Connections that used to be somebody else’s problem
A Lambda invocation either opens what it needs fresh, or on a warm environment reuses what a previous invocation already had open. Either way, that individual environment isn’t under much concurrent pressure, since it handles one invocation at a time rather than juggling hundreds of requests inside one process. Connection limits were rarely our problem for that reason.
A long-running API keeps connections open on purpose, for performance, which also means it can quietly accumulate more of them than intended. We increased the Postgres pool size to match real concurrent usage instead of the older, more conservative sizing. This is also where that warm-reuse idea from earlier actually paid off. The client used to validate incoming JWTs against our auth provider’s public signing keys was being constructed fresh on every single request. That client already has its own JWKS cache, but rebuilding it on every request threw the cache away before it could do anything useful. We moved it to a single module-level instance, built once and reused for the life of the process, so the caching it already knew how to do could actually happen.

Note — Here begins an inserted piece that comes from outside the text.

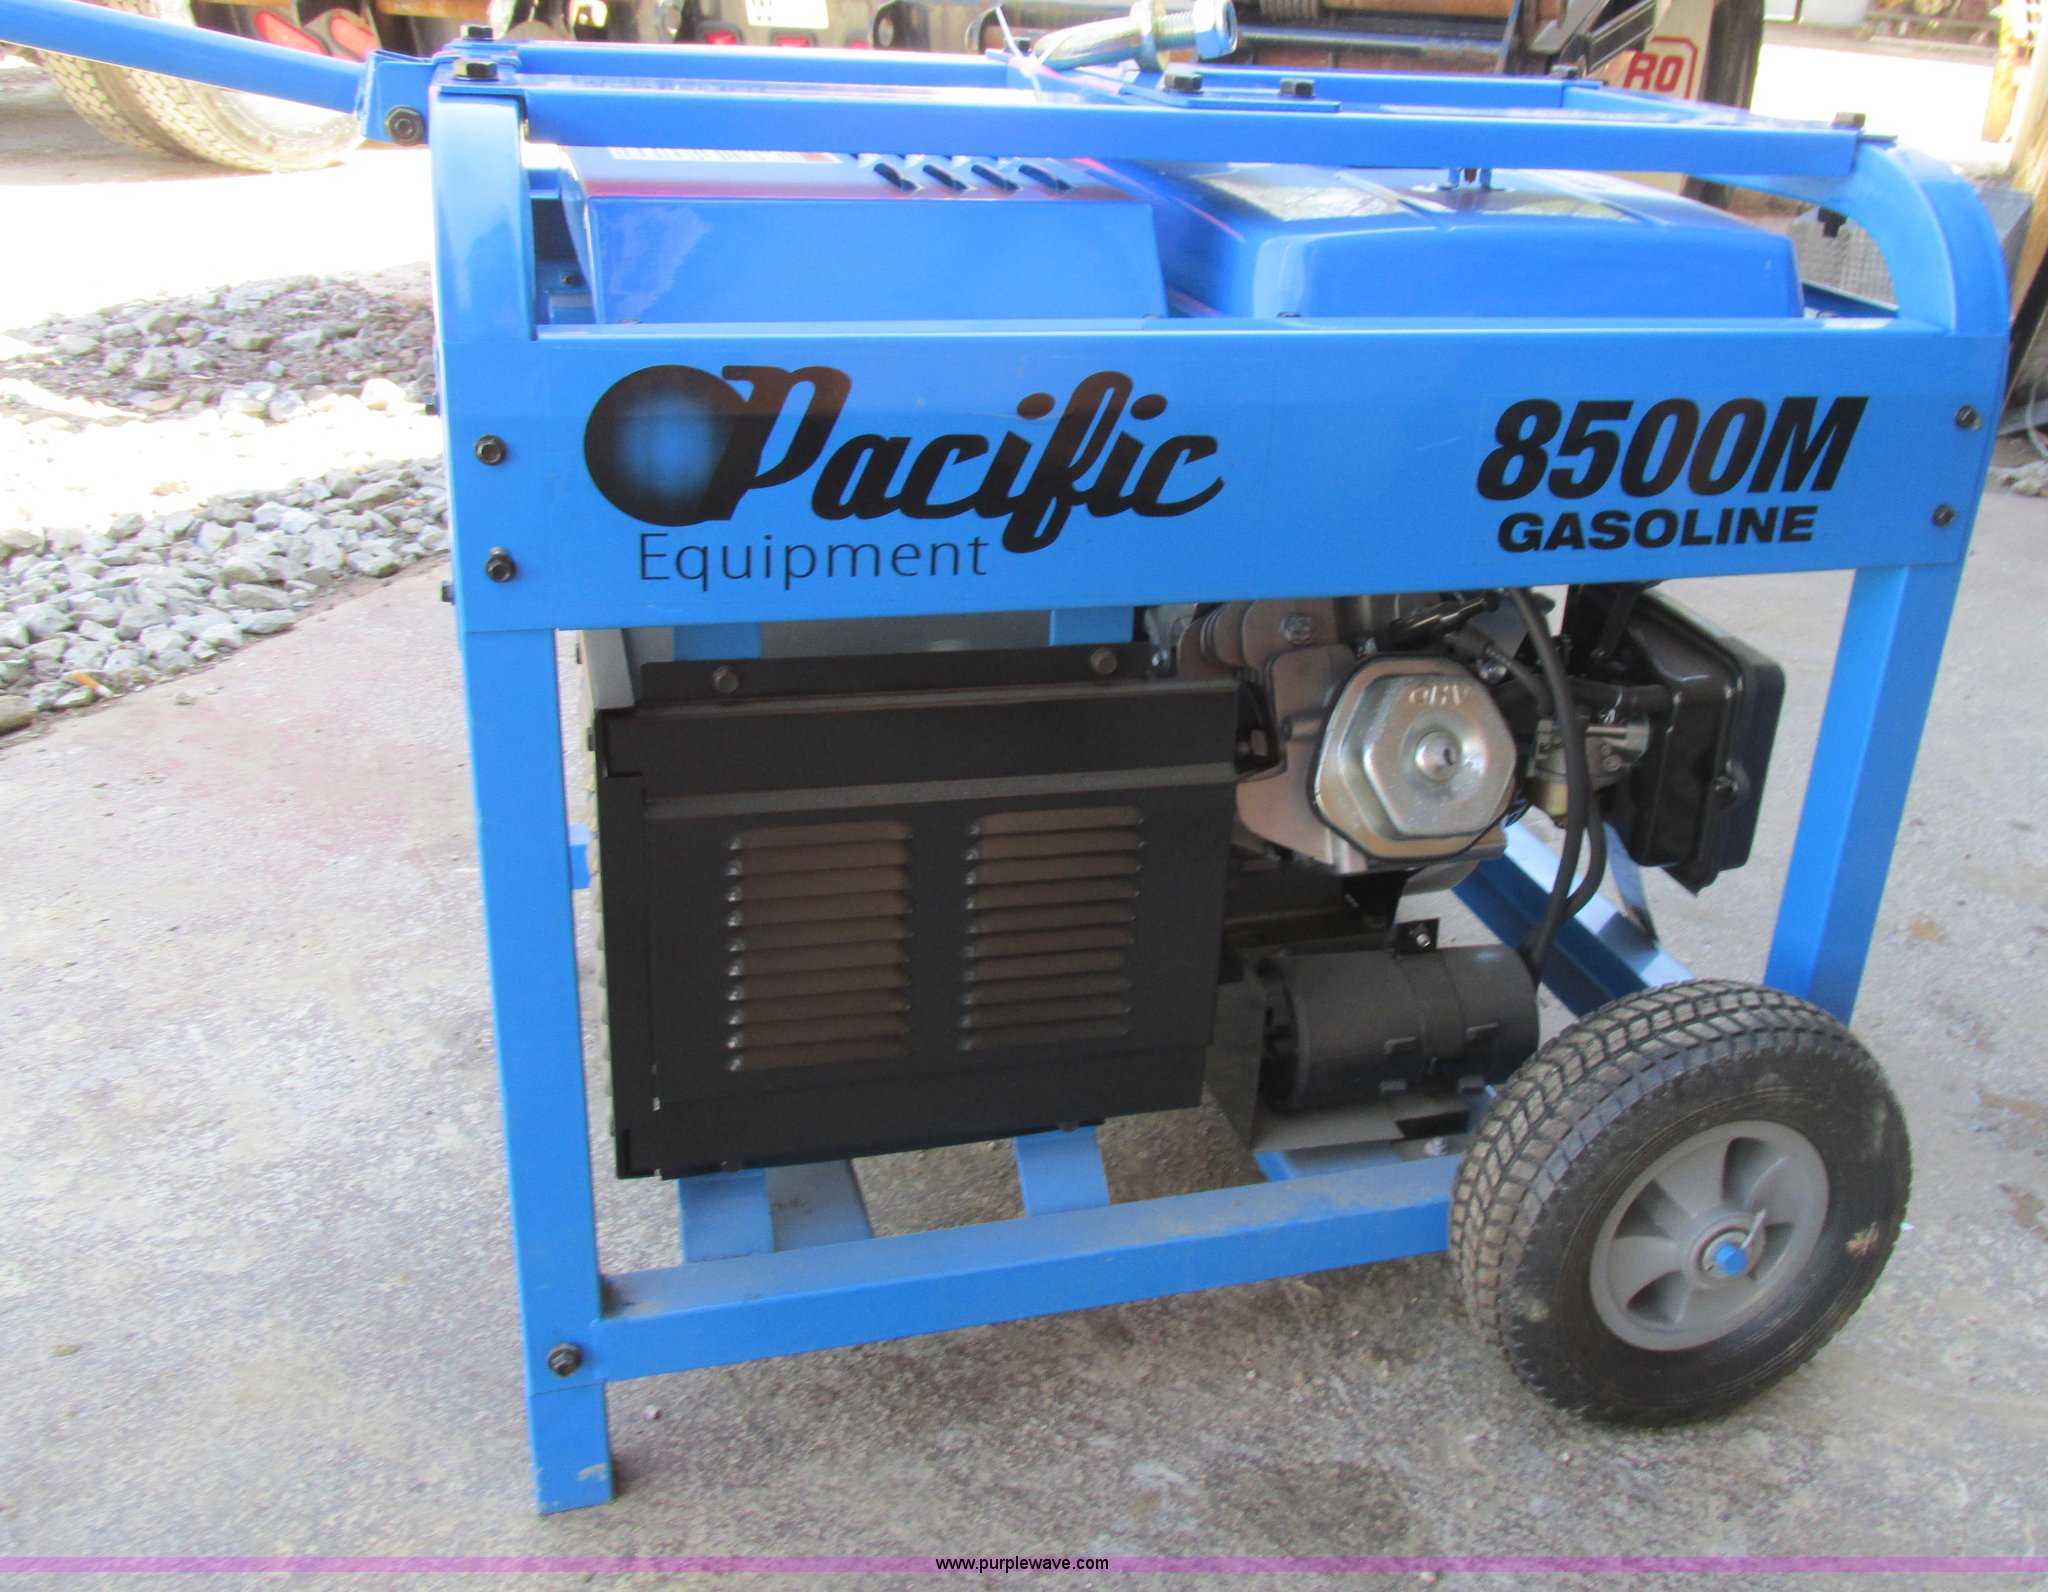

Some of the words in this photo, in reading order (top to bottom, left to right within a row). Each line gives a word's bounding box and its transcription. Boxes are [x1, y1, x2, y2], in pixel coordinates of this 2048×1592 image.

[706, 366, 1225, 553] Pacific
[1477, 396, 1869, 501] 8500M
[639, 533, 988, 591] Equipment
[1499, 505, 1818, 553] GASOLINE

Memory that finally had a chance to hurt
This one didn’t come from old code, it’s a bug we introduced while fixing a different problem. We’ve stored device frame history in S3-compatible object storage since 2023 (we wrote about the original setup on Trackpac’s Medium; these days that’s Ceph RGW inside the cluster rather than AWS S3 itself). Fetching that frame data uses boto3, which is still a synchronous library. aioboto3 is on the list of things to look at, but we haven’t needed it yet.
Under concurrent load, a burst of large frame history requests meant a burst of blocking boto3 calls, all competing for the same limited thread pool. That’s the exact worker starvation problem again, except this time each stuck request was also holding a chunk of frame data in memory while it waited. Enough of those piling up at once was a genuine memory spike. The kubelet doesn’t wait around for good intentions, it OOMKilled the pod.

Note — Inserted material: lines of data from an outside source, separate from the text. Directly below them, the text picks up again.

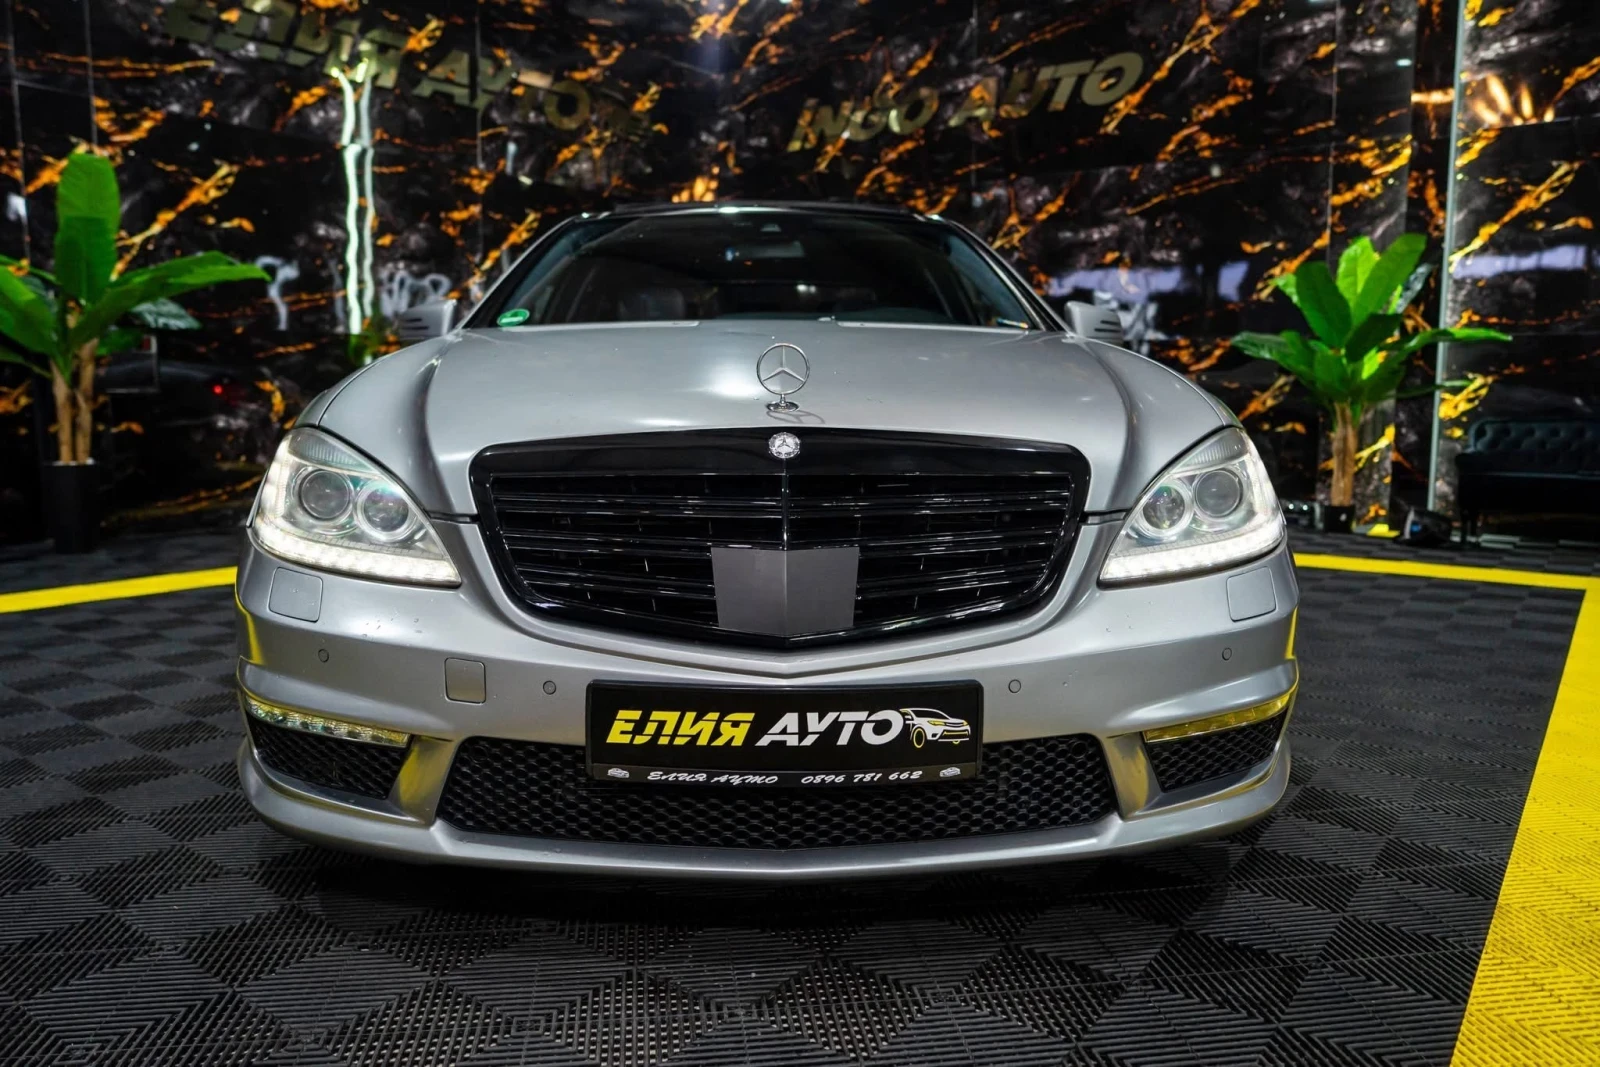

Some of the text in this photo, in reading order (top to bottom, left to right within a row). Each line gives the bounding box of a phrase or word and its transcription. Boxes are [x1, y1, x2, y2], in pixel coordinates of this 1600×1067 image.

[947, 51, 1144, 130] AUTO
[606, 709, 904, 746] ЕЛИЯ АУТО
[801, 774, 846, 784] 0896
[853, 772, 882, 783] 781
[888, 770, 923, 780] 662

The fix was a small in-memory LRU frame cache so repeat requests for the same device data don’t have to hit object storage again. If it ever outgrows an in-process cache, moving it to something like Redis or Valkey is the obvious next step. For the current traffic levels, in-memory is still plenty.
The part that actually matters: it got faster
This kind of migration doesn’t usually pay you back directly, but this one did. Running warm, taking Lambda cold starts out of the request path, doing IO properly asynchronously instead of blocking workers, and fixing a handful of N+1 queries with proper eager loading along the way added up to a real, noticeable drop in latency. None of this is from a formal benchmark, just what we’ve watched change in our own metrics, but roughly:
| Call | Before | After |
|---|---|---|
| Organisation GET | ~120ms | ~40ms |
| Frame history | 1-3s | ~300-600ms miss, ~100-200ms hit |
Call it 50-90% faster depending on the endpoint.

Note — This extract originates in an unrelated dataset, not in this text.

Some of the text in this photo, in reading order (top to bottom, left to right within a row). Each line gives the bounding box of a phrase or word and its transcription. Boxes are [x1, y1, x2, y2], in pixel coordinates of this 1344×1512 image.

Why serverless is so good at hiding this stuff
None of these were exotic: a missing await, a client rebuilt on every call, blocking calls on a hot path. Ordinary mistakes. What kept them invisible for years had less to do with the code and more to do with the platform. An execution environment that handles one request at a time and can disappear between invocations has fewer opportunities to accumulate the state, connections, or backlog that turns a small mistake into an incident.
A pod that’s expected to stay up for weeks under continuous concurrent load doesn’t get that grace. Every one of these had been sitting there the whole time. Kubernetes didn’t introduce the bugs, it just gave them enough rope.